WHAT YOU ARE ASKED TO DO ::
Make an exact copy of the records, leaving out the images.

Records drawn from a dataset ::
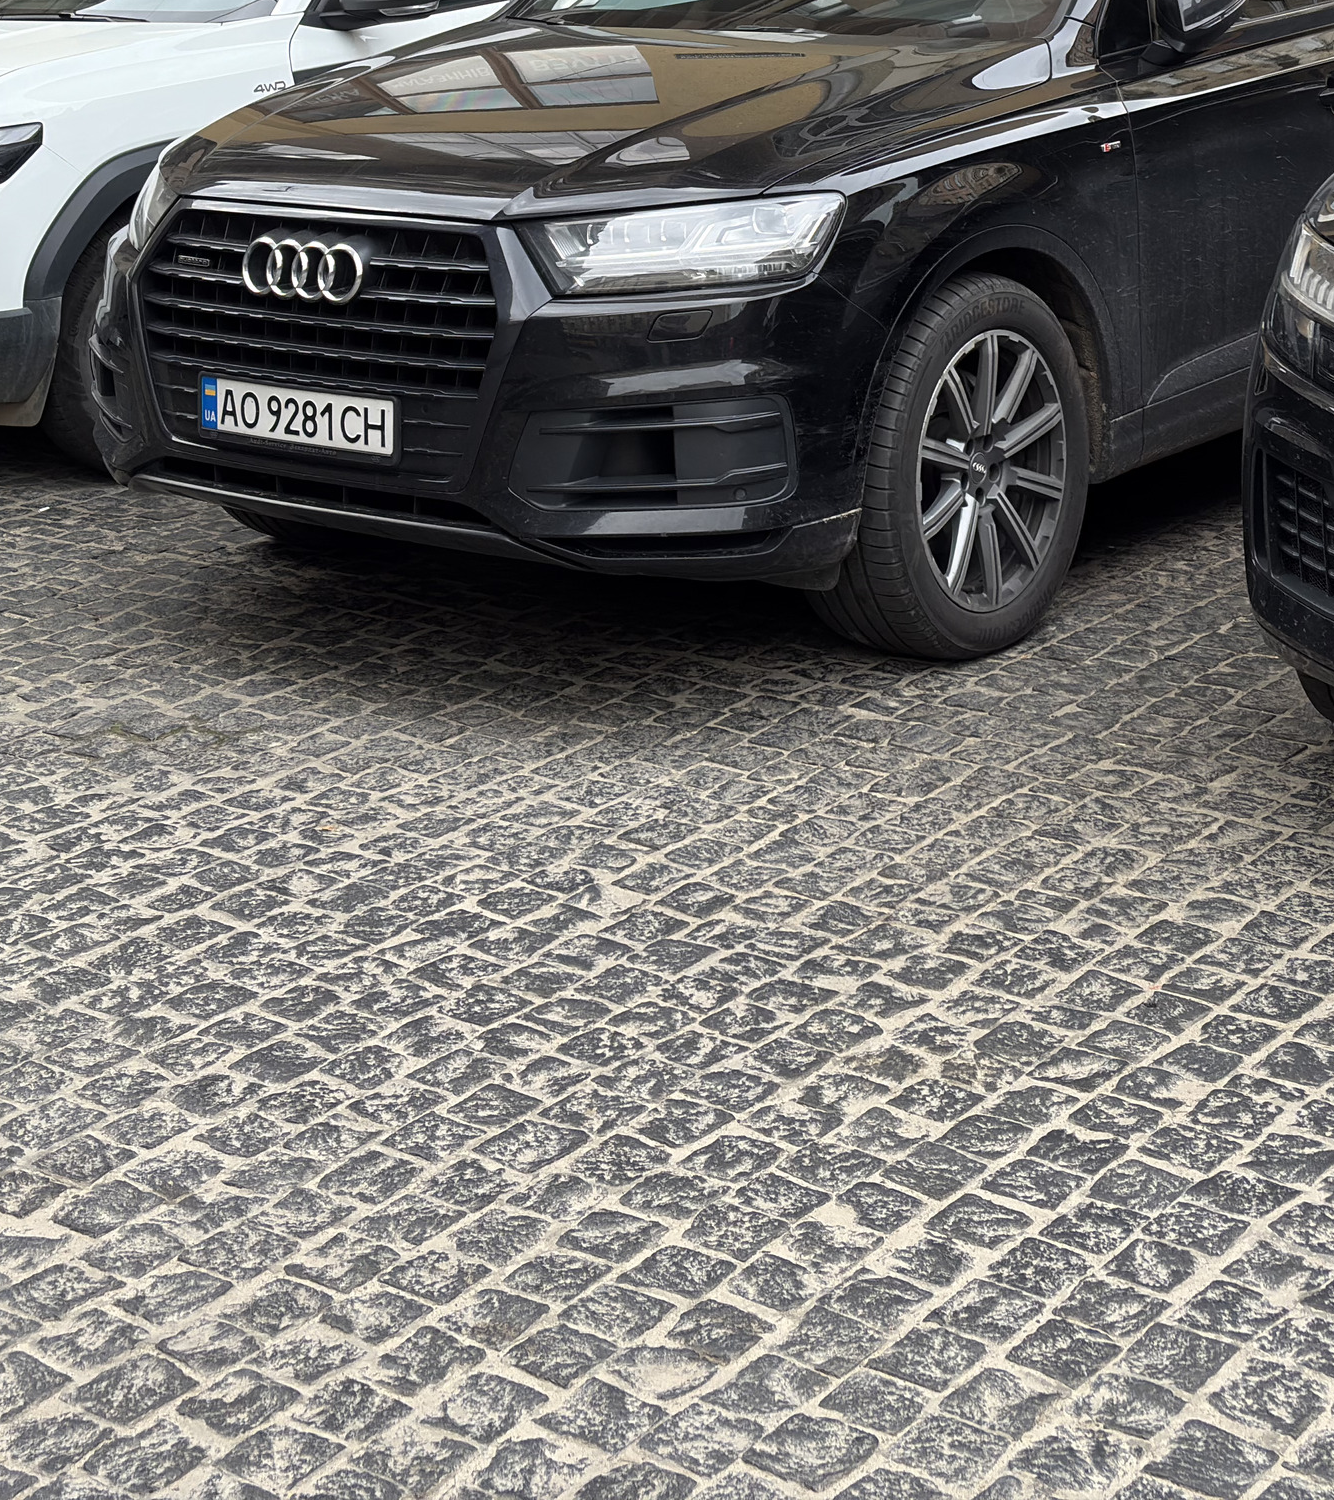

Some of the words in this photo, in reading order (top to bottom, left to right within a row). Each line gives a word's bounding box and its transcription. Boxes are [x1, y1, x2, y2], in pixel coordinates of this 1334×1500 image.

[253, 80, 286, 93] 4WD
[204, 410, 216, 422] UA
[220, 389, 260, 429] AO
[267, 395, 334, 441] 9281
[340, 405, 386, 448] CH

ANSWER TO THIS EXERCISE ::
Some of the words in this photo, in reading order (top to bottom, left to right within a row). Each line gives a word's bounding box and its transcription. Boxes are [x1, y1, x2, y2], in pixel coordinates of this 1334×1500 image.

[253, 80, 286, 93] 4WD
[204, 410, 216, 422] UA
[220, 389, 260, 429] AO
[267, 395, 334, 441] 9281
[340, 405, 386, 448] CH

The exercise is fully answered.